Por Georges Didi-Huberman *
Siempre, ante la imagen, estamos ante el tiempo. Como el pobre ignorante del relato de Kafka, estamos ante la imagen como Ante la ley: como ante el marco de una puerta abierta. Ella no nos oculta nada, bastaría con entrar, su luz casi nos ciega, nos controla. Su misma apertura –y no menciono al guardia– nos detiene: mirarla es desearla, es esperar, es estar ante el tiempo. Pero ¿qué clase de tiempo? ¿De qué plasticidades y de qué fracturas, de qué ritmos y de qué golpes de tiempo puede tratarse en esta apertura de la imagen?
Dirijamos un instante nuestra mirada sobre ese muro de pintura renacentista. Es un fresco del convento de San Marco, en Florencia. Verosímilmente fue pintado en los años 1440 por un hermano dominicano que vivía allí y que más tarde fue conocido como Beato Angelico. Se encuentra a la altura de la mirada, en el corredor oriental de la clausura. Justo más arriba está pintada una Santa Conversación. Todo el resto de la galería está, igual que las celdas, pintado a la lechada. En esta doble diferencia –con la escena figurada arriba, con el fondo blanco circundante–, el muro de fresco rojo, acribillado de manchas erráticas, produce como una deflagración: un fuego de artificio coloreado que lleva incluso la huella de su aparición originaria (el pigmento que fue arrojado a distancia, como lluvia, en fracción de instantes) y que, desde entonces, se perpetuó como una constelación de estrellas fijas.
Ante esta imagen, de golpe nuestro presente puede verse atrapado y, de una sola vez, expuesto en la experiencia de la mirada. Aunque desde esta singular experiencia han transcurrido –en lo que me concierne– más de quince años, mi “presente reminiscente” no ha terminado, me parece, de sacar todas las lecciones. Ante una imagen –tan antigua como sea–, el presente no cesa jamás de reconfigurarse por poco que la desposesión de la mirada no haya cedido del todo el lugar a la costumbre infatuada del “especialista”. Ante una imagen –tan reciente, tan contemporánea como sea–, el pasado no cesa nunca de reconfigurarse, dado que esta imagen sólo deviene pensable en una construcción de la memoria, si ésta no es obsesiva. En fin, ante una imagen, tenemos humildemente que reconocer lo siguiente: que probablemente ella nos sobrevivirá, que ante ella somos el elemento frágil, el elemento de paso, y que ante nosotros ella es el elemento del futuro, el elemento de la duración. La imagen a menudo tiene más de memoria y más de porvenir que el que la mira.

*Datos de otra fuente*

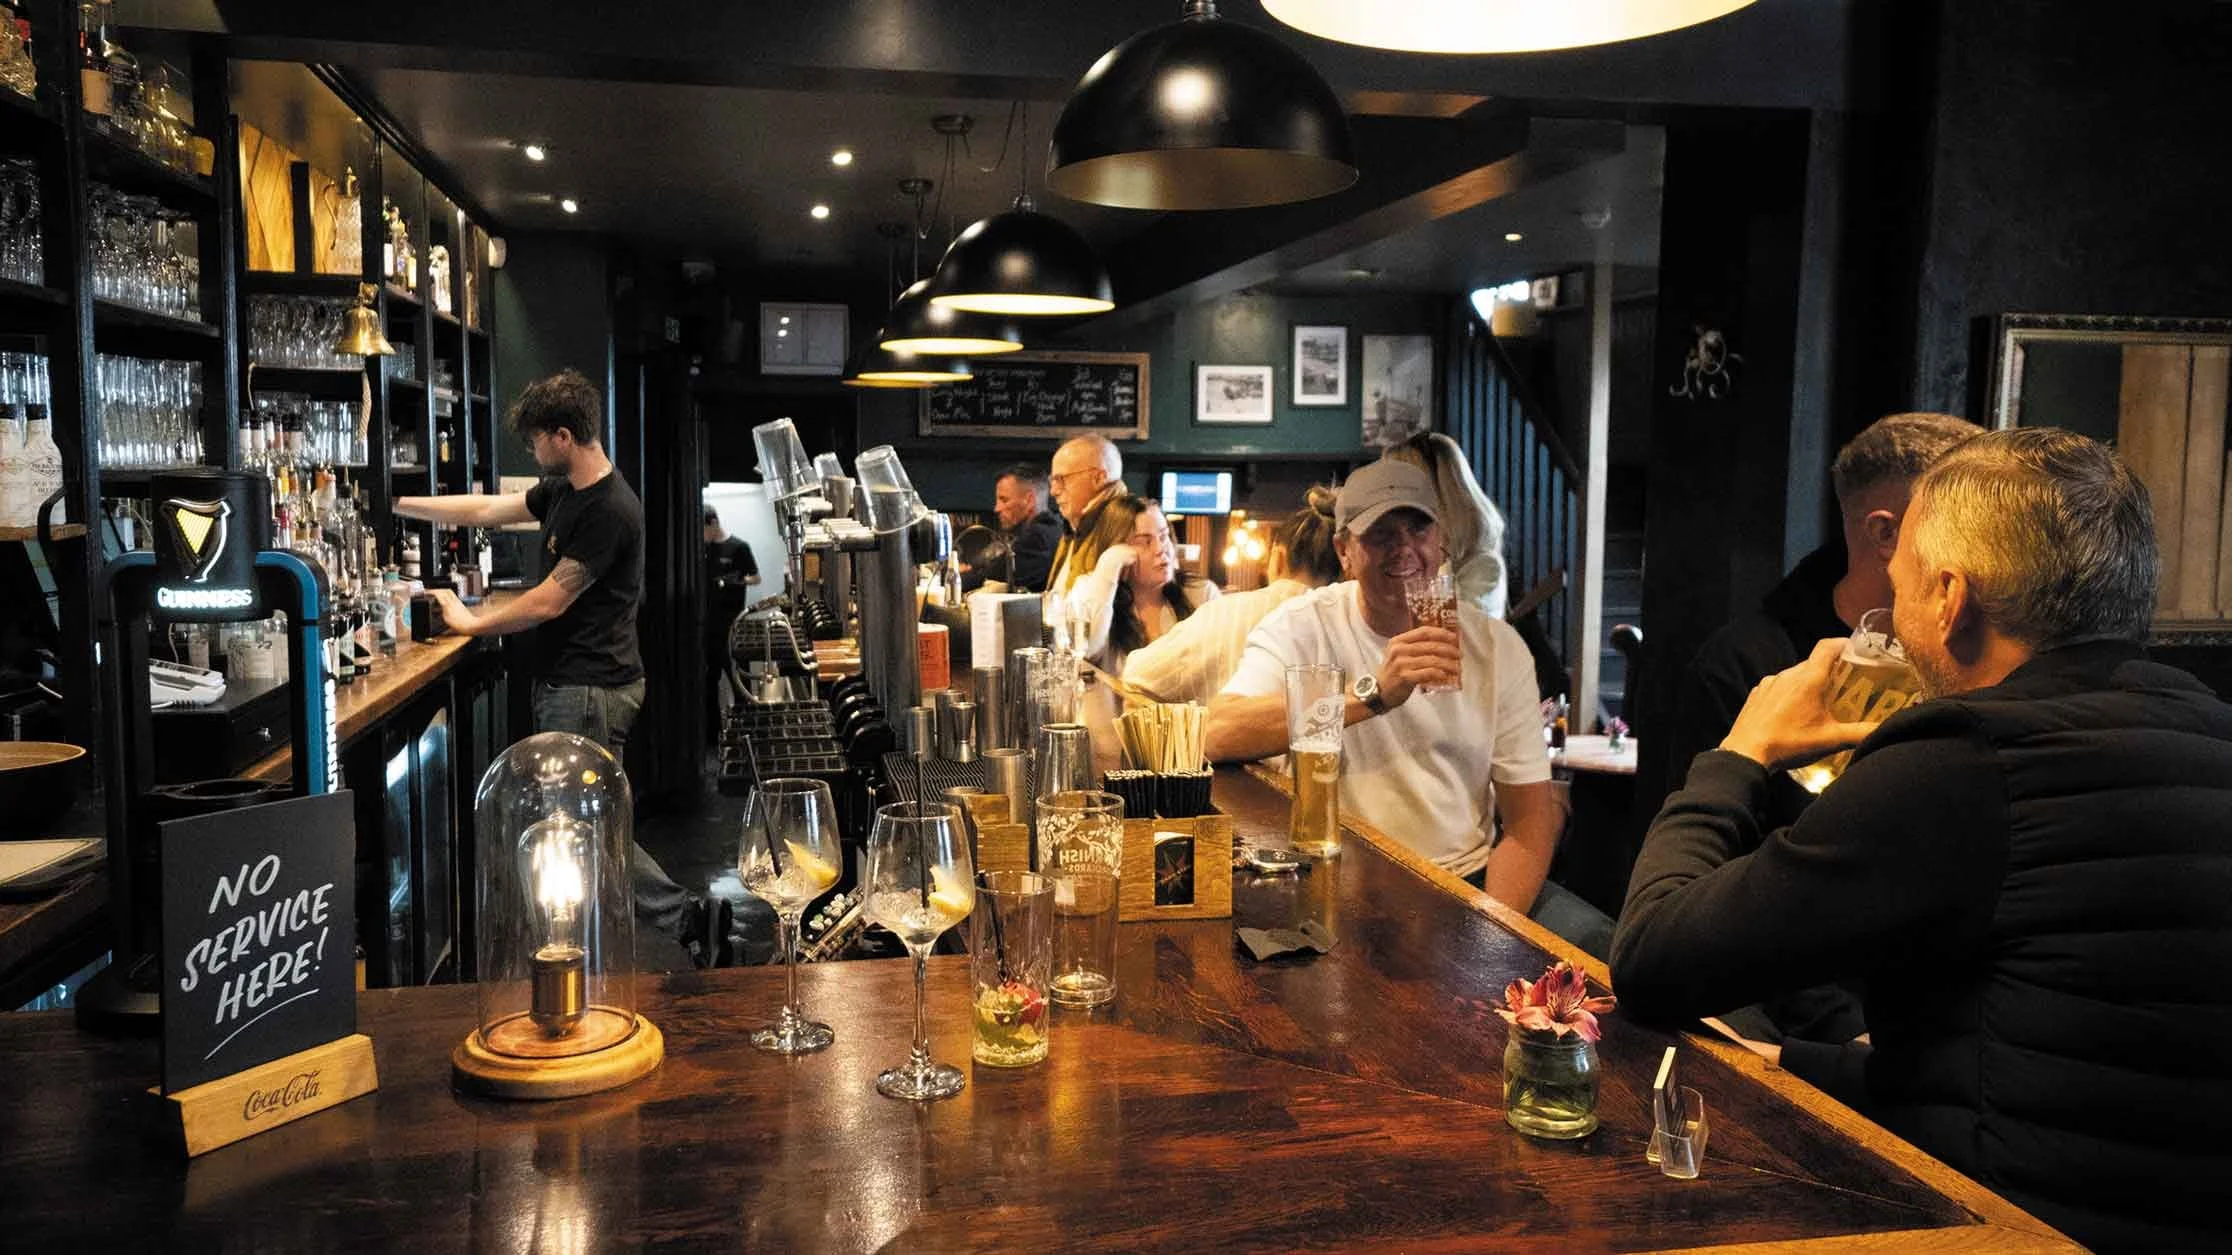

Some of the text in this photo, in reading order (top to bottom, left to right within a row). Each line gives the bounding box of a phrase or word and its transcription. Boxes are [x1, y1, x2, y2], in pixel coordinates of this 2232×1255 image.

Pero ¿cómo estar a la altura de todos los tiempos que esta imagen, ante nosotros, conjuga sobre tantos planos? Y, primero, ¿cómo dar cuenta del presente de esta experiencia, de la memoria que convocaba, del porvenir que comprometía? Detenerse ante el muro de Fra Angelico, someterse a su misterio figural, en eso consistía entrar, modesta y paradójicamente, en el saber que se llama “historia del arte”. Entrada modesta, porque la gran pintura del Renacimiento florentino era abordada justamente por sus bordes: sus parerga, sus zonas marginales, los registros bien –o mal–- llamados “inferiores” de los ciclos de frescos, los registros del “decorado”, de los “falsos mármoles”. Pero, entrada paradójica (y, para mí, decisiva), puesto que se trataba de comprender la necesidad intrínseca, la necesidad figurativa, o mejor figural de una zona de pintura fácilmente aprehensible bajo la etiqueta de “arte abstracto”.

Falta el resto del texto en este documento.